SEBIs consultation paper presents recommendations for improving the business environment, such as extending timelines for filling key positions and regulating committee participation.
On January 11, the Securities and Exchange Board of India (Sebi) invited public comments on various proposals aimed at improving the ease of doing business in India. These proposals include changes to the timeline for filling up key managerial posts at listed companies, limiting the membership of directors in committees, and providing flexibility in offer-for-sale size and offer closing dates.

Key Managerial Posts
The expert committee, chaired by former Sebi whole-time member S K Mohanty, has recommended increasing the timeline for filling up key managerial positions. Currently, companies are required to fill such positions within three months. The committee has suggested extending this timeline to six months for cases where regulatory or government approvals are required.
Committee Membership and Chairmanship
The committee has also proposed limiting the membership and chairmanship of committees for directors. A director can be a member of a maximum of seven audit committees in listed entities. The limit of chairmanship of not more than five committees would now be chairmanship of a maximum of five audit committees at listed entities across listed entities.
Offer-for-Sale Size and Closing Dates
The expert panel has suggested flexibility in the offer-for-sale size as well as offer closing dates in public issues due to force majeure events like a bank strike. Instead of the current requirement of a minimum three-day extension, the recommendation is to permit issuer companies to extend the issue period by just one day in such scenarios.
Other Proposals
The committee has also made several other proposals, including:
- Including equity shares received on conversion or exchange of fully paid-up compulsory convertible securities and depository receipts for minimum promoters contribution.
- Permitting non-individual shareholders, who would hold 5% or more of the post-offer equity share capital, to contribute towards the shortfall in minimum promoters contribution without being identified as a promoter.

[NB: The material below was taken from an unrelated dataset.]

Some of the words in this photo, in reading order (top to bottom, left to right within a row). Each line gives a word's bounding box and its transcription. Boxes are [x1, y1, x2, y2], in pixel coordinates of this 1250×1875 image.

- Allowing flexibility to extend bid/offer closing dates due to force majeure events like a bank strike.
- Basing the offer for sale size on either the estimated issue size in rupee value or the number of shares, as disclosed in the draft red herring prospectus (DRHP), and not on both criteria.

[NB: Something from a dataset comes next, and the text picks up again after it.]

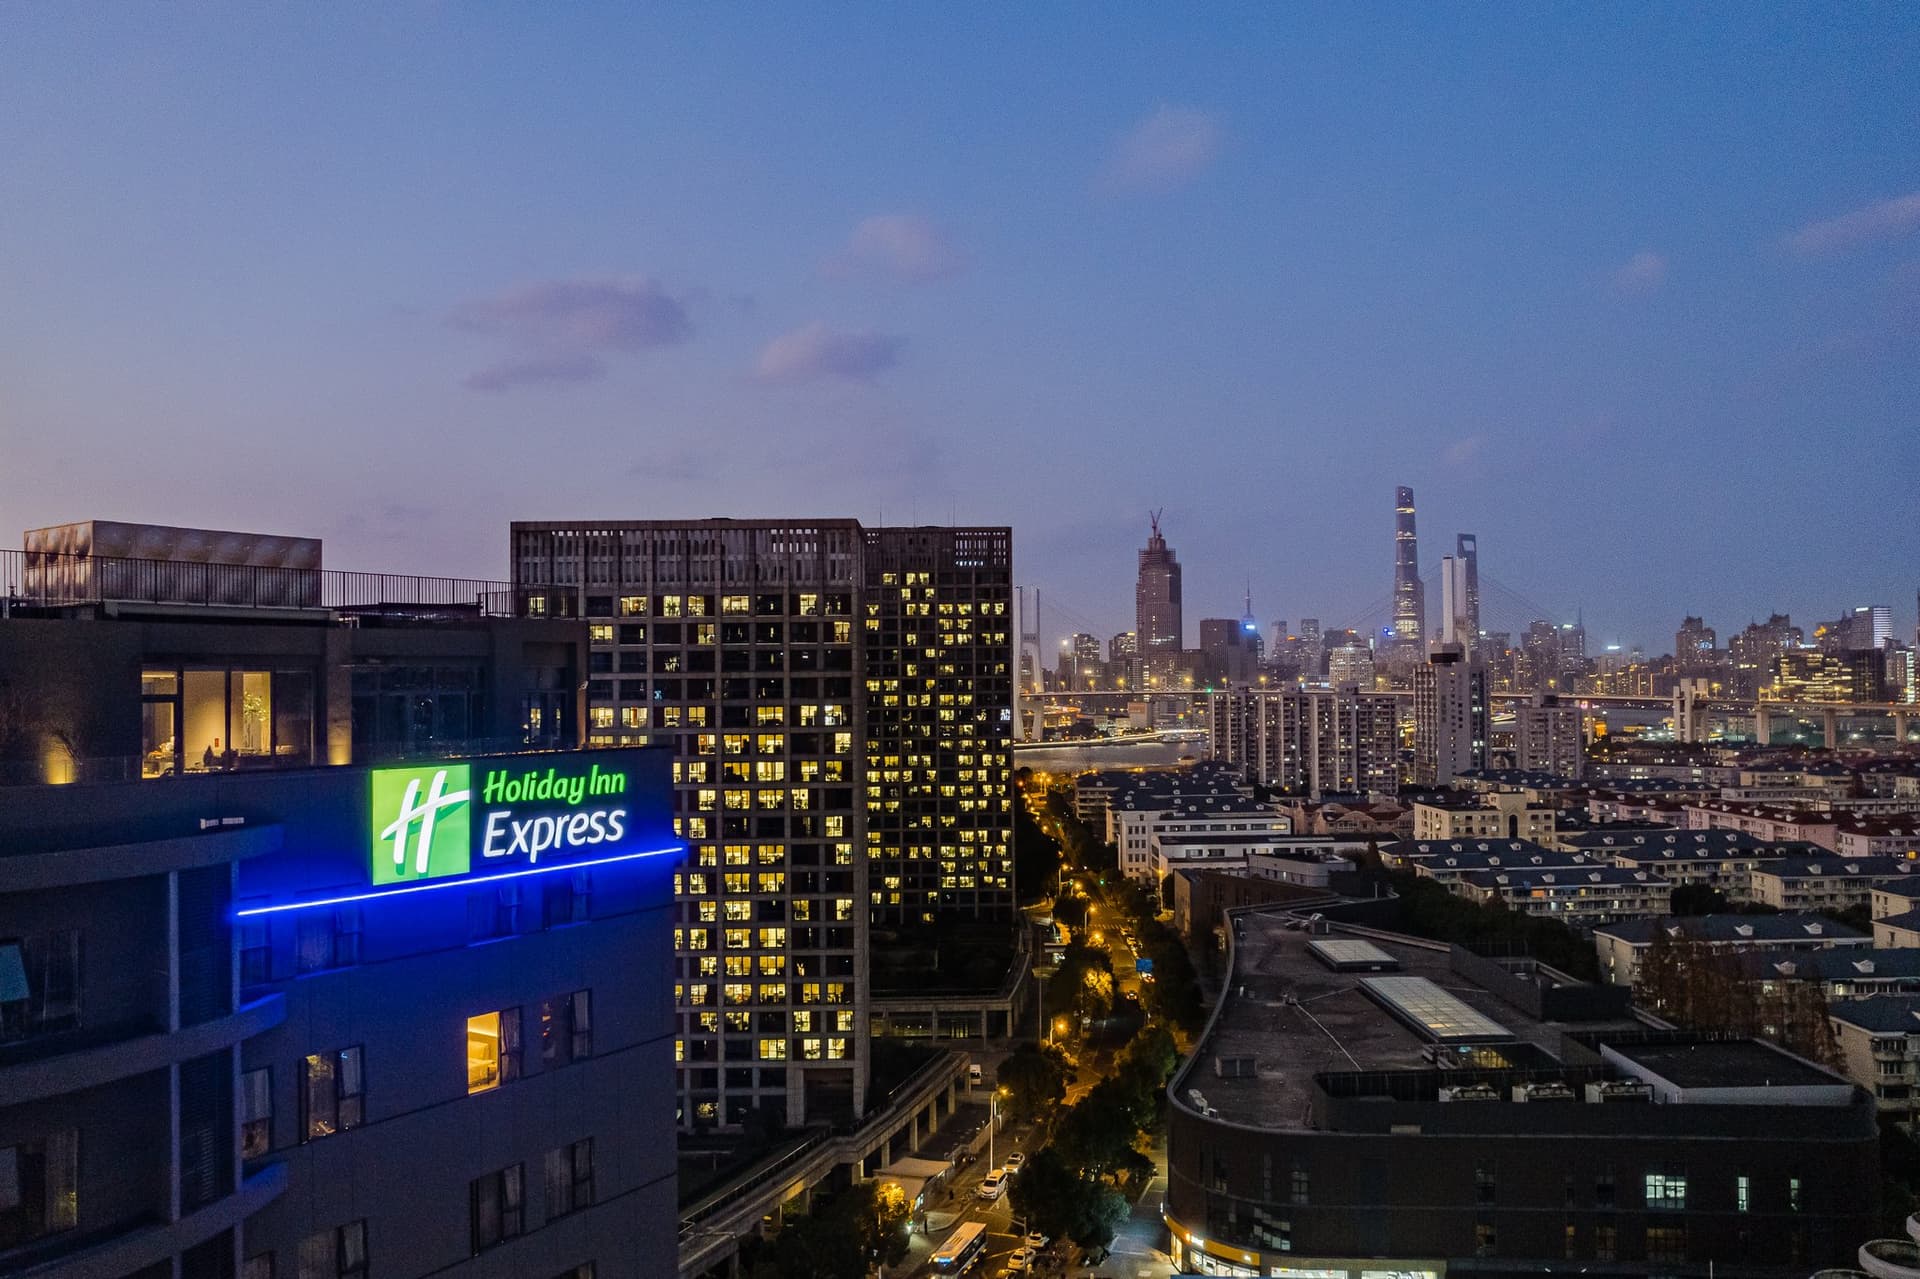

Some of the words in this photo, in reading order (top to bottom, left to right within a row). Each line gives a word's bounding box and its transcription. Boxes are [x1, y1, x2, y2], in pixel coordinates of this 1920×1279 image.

[483, 768, 585, 805] Holiday
[589, 764, 625, 795] Inn
[483, 809, 626, 863] Express

- Harmonizing the timeline for prior intimation of board meetings under LODR rules to two working days for all types of proposals.
- Increasing the maximum gap between the meetings of the risk management committee to 210 days from the present 180 days.

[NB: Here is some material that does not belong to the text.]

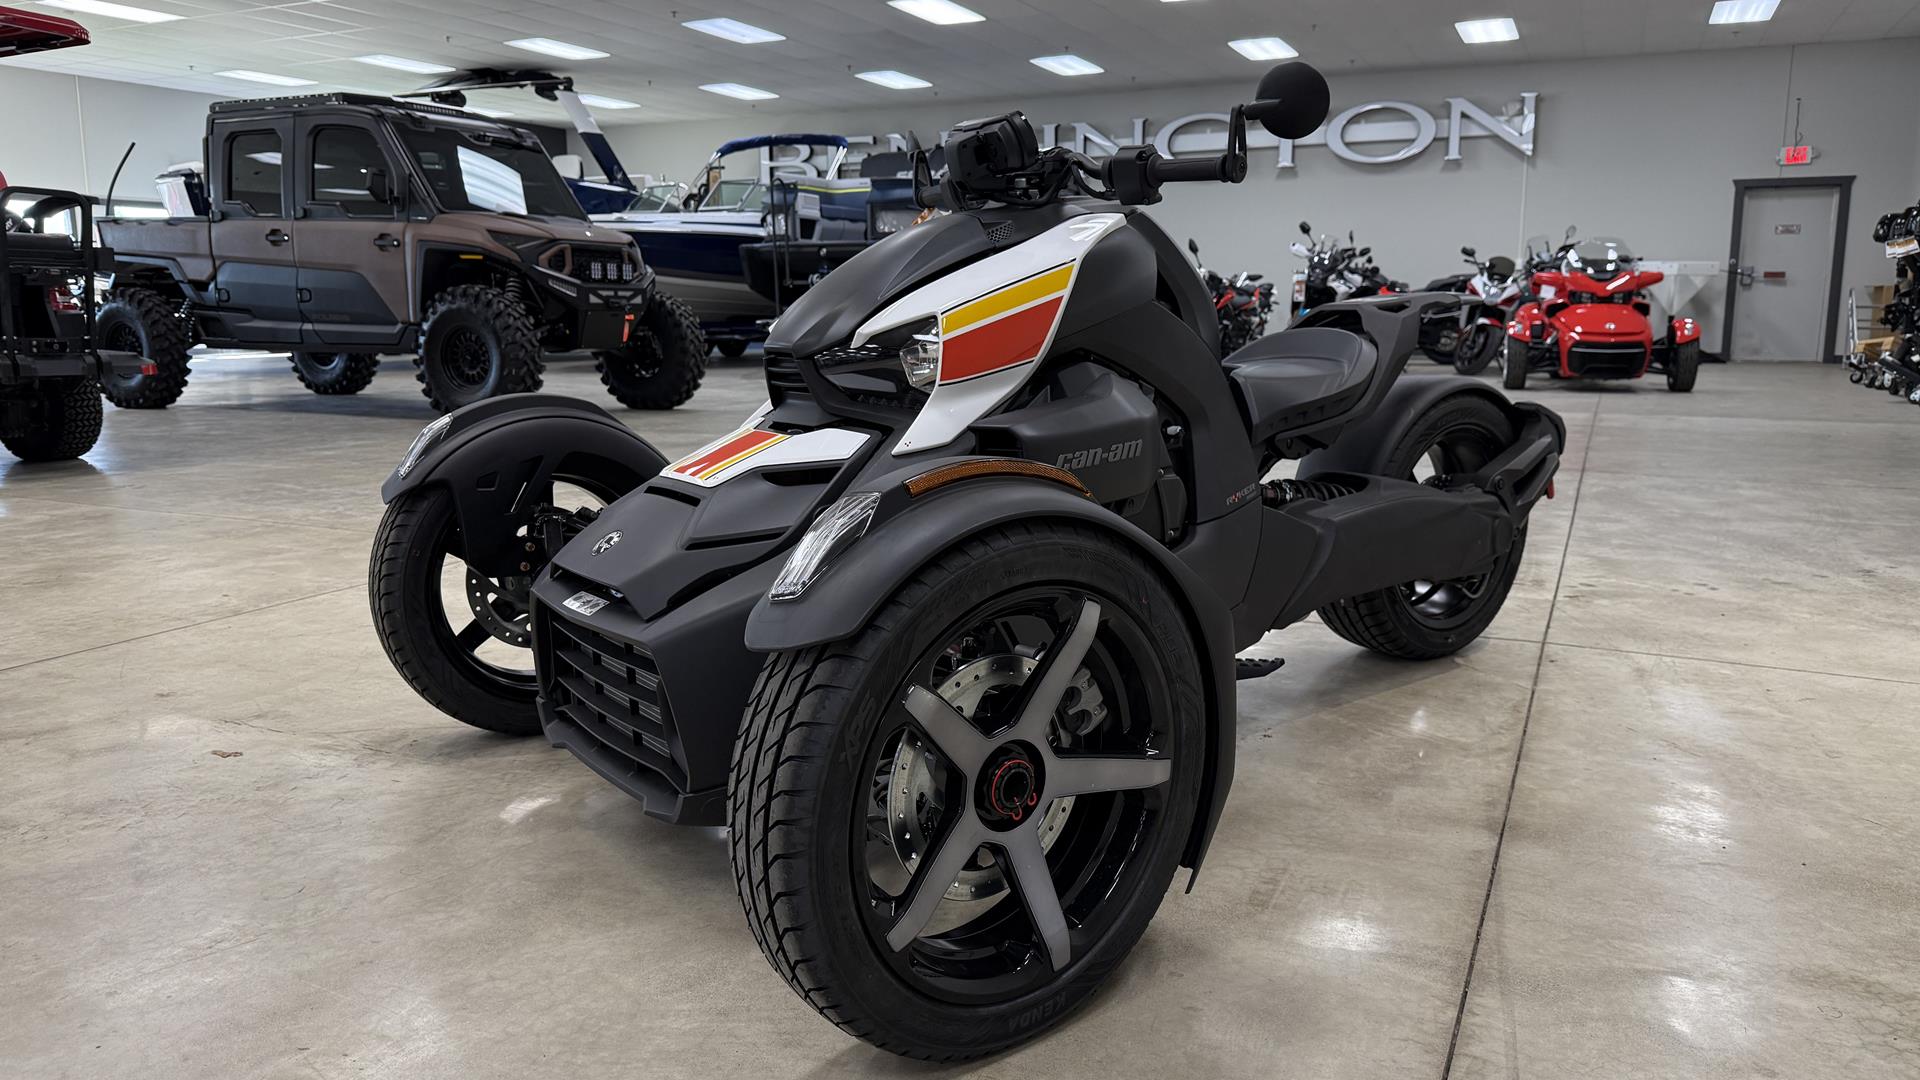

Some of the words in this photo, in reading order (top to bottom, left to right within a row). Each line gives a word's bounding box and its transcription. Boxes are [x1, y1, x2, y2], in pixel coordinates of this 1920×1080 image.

- Considering the average market capitalization of six months (July-December) and determining the ranking on December 31 for the applicability of LODR rules based on market capitalization.
Sebi has sought public comments on these proposals till February 1. The regulator aims to facilitate ease of doing business and harmonize the provisions of the ICDR Issue of Capital and Disclosure Requirements and LODR Listing Obligations and Disclosure Requirements rules.